La Presidenta Claudia Sheinbaum destinó para 2026 una inversión histórica en Programas para el Bienestar.
De acuerdo con datos oficiales, para 2026 el Gobierno de México proyecta una inversión anual de 1 billón 3 mil 326 millones de pesos, cifra sin precedentes que refleja el crecimiento sostenido del gasto social desde 2018. Este incremento no solo evidencia estabilidad financiera, sino una prioridad clara: que los recursos públicos lleguen de manera directa a quienes más lo necesitan, sin intermediarios y con reglas claras.
El alcance de esta política social también se refleja en su cobertura. Para 2026, los Programas para el Bienestar contemplan 42 millones 916 mil 549 derechohabientes, una meta que consolida una red de protección social amplia y permanente. Adultos mayores, estudiantes, personas con discapacidad, jóvenes y comunidades rurales forman parte de un esquema que entiende el bienestar como un derecho y no como una concesión.
Una tendencia clara al alza en inversión de programas sociales
La tendencia ascendente en la inversión social —que pasó de poco más de 106 mil millones de pesos en 2018 a más de un billón proyectado para 2026— da cuenta de una transformación estructural del presupuesto público. Bajo el liderazgo de Sheinbaum, esta política mantiene continuidad, pero también profundiza su impacto al vincular bienestar con desarrollo, justicia social y crecimiento económico.

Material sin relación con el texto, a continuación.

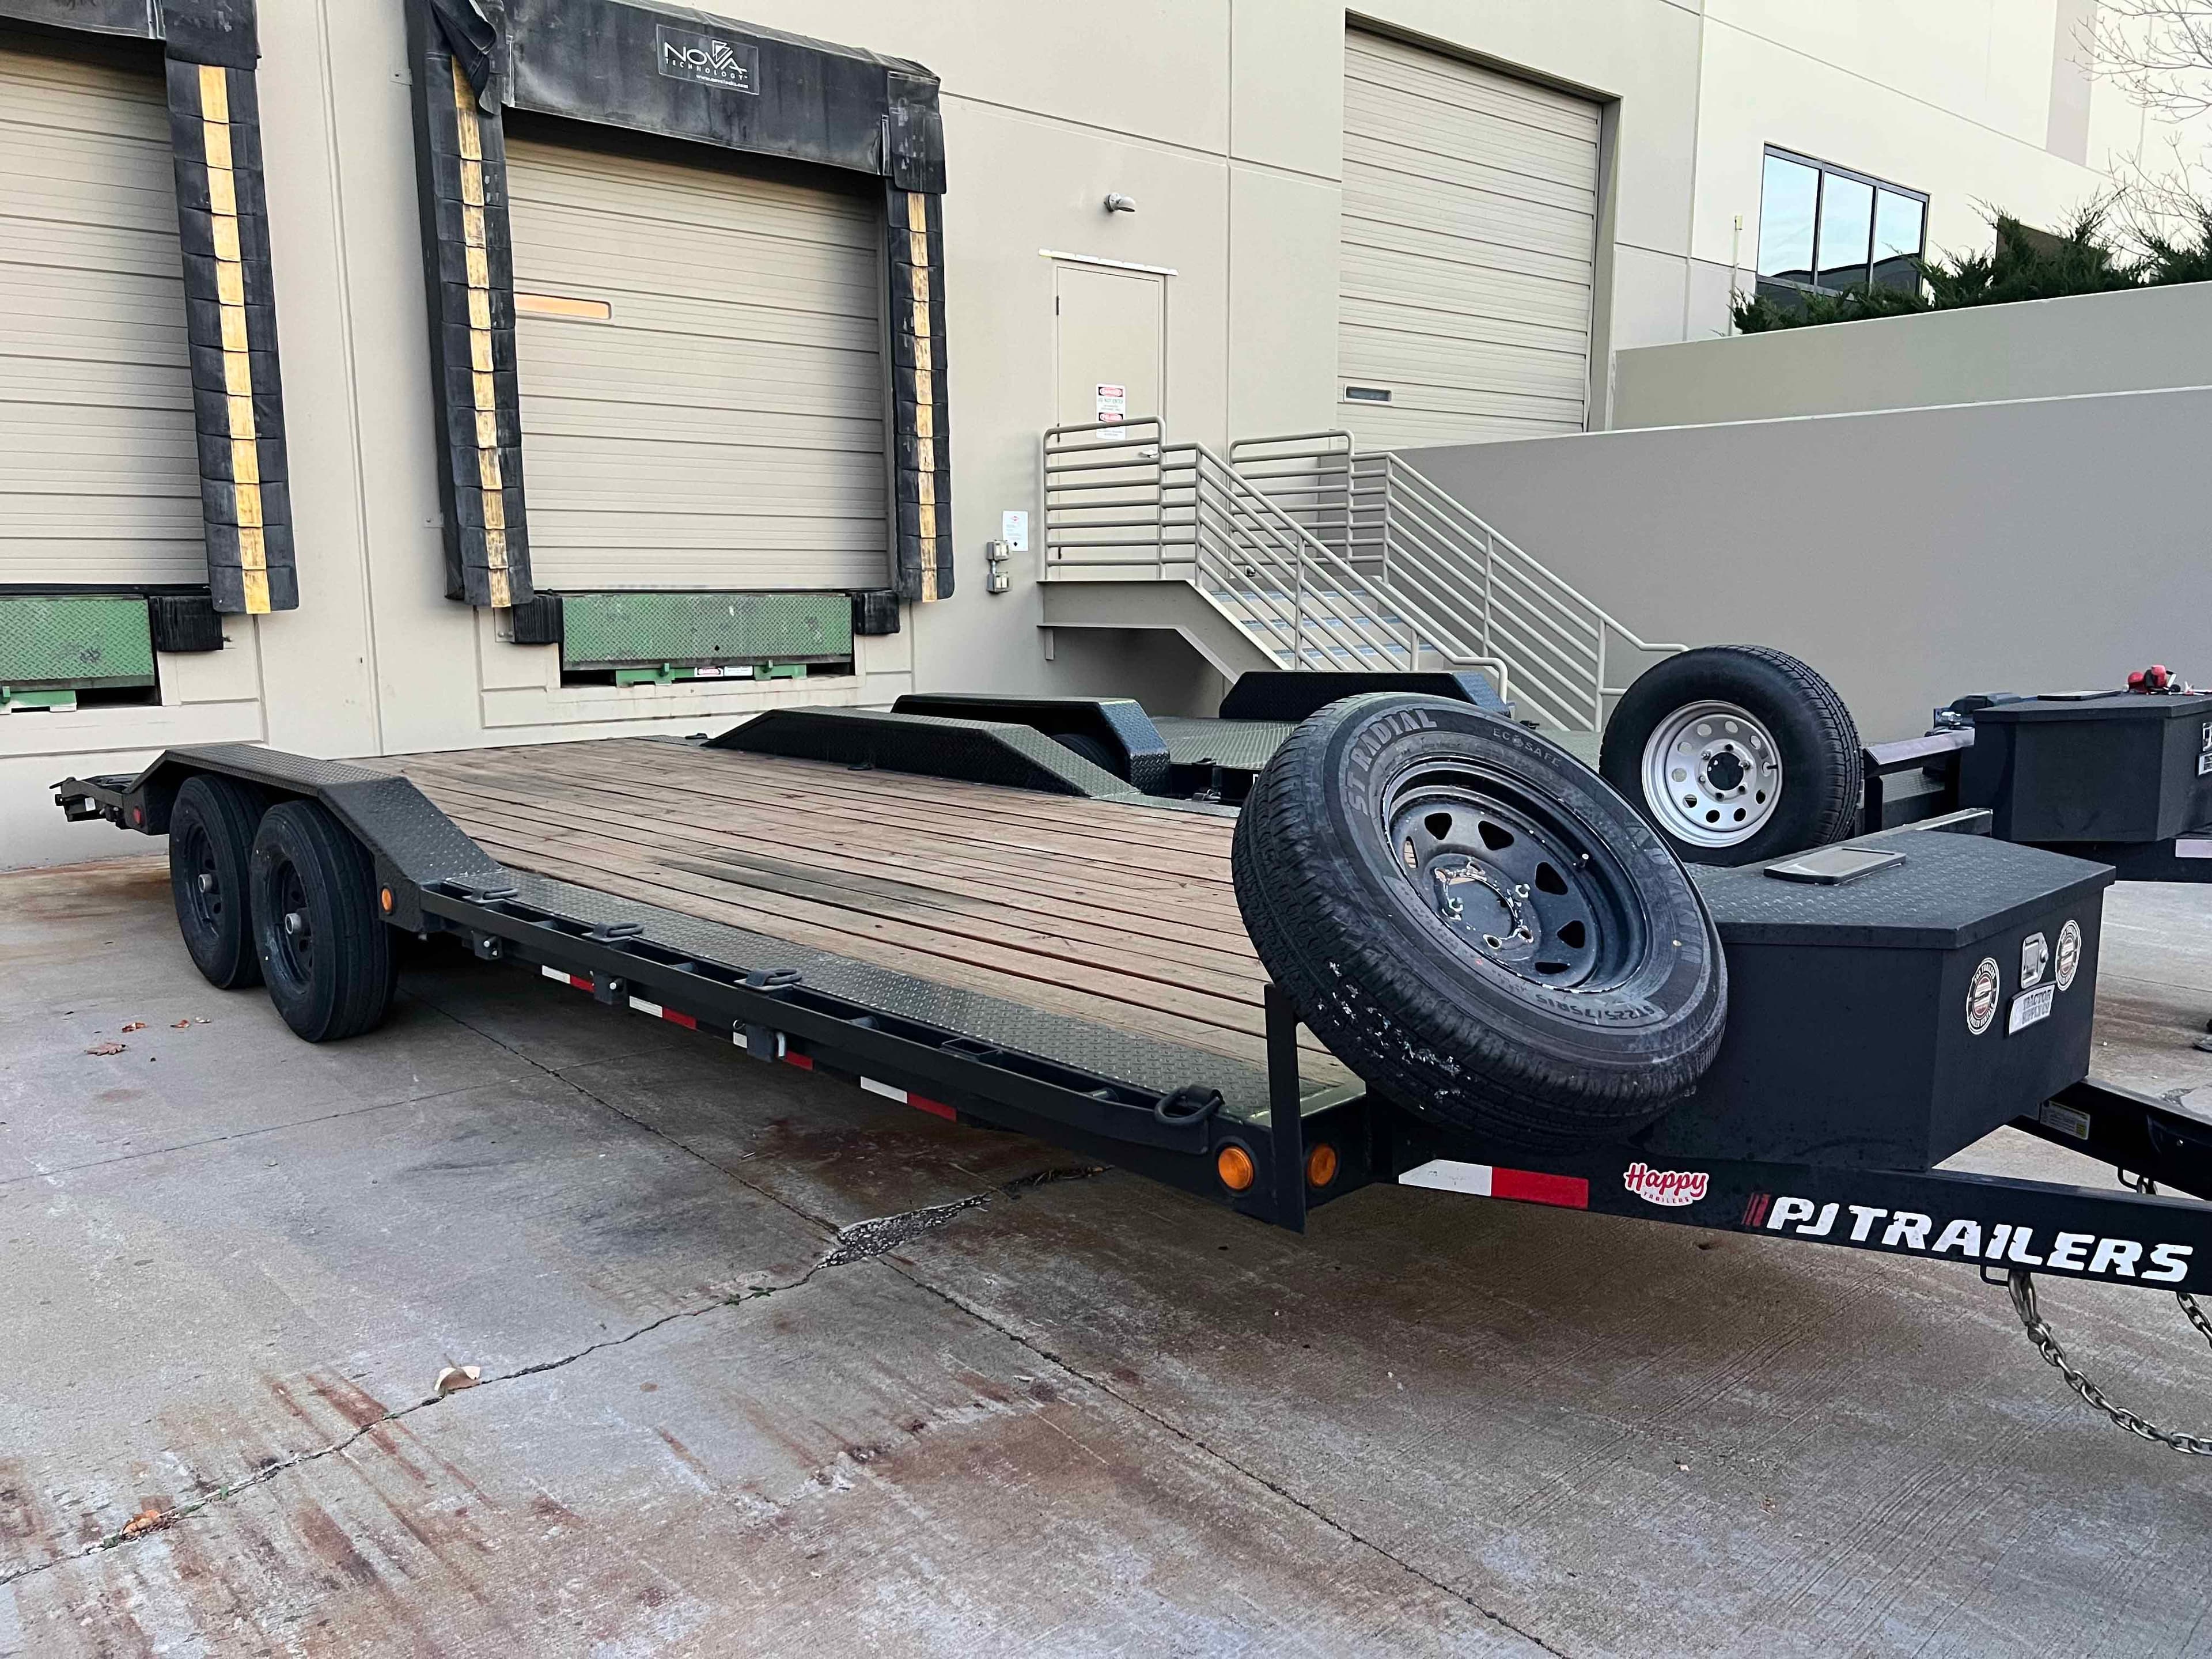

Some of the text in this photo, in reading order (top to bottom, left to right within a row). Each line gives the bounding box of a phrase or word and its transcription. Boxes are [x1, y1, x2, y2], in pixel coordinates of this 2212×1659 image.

Así, el proyecto encabezado por Claudia Sheinbaum consolida una ruta donde el presupuesto se convierte en herramienta de igualdad y cohesión social. Lejos de improvisaciones, los datos muestran una estrategia clara: fortalecer el ingreso de las familias, reducir brechas históricas y construir un país donde el bienestar deje de ser una aspiración para convertirse en una realidad cotidiana.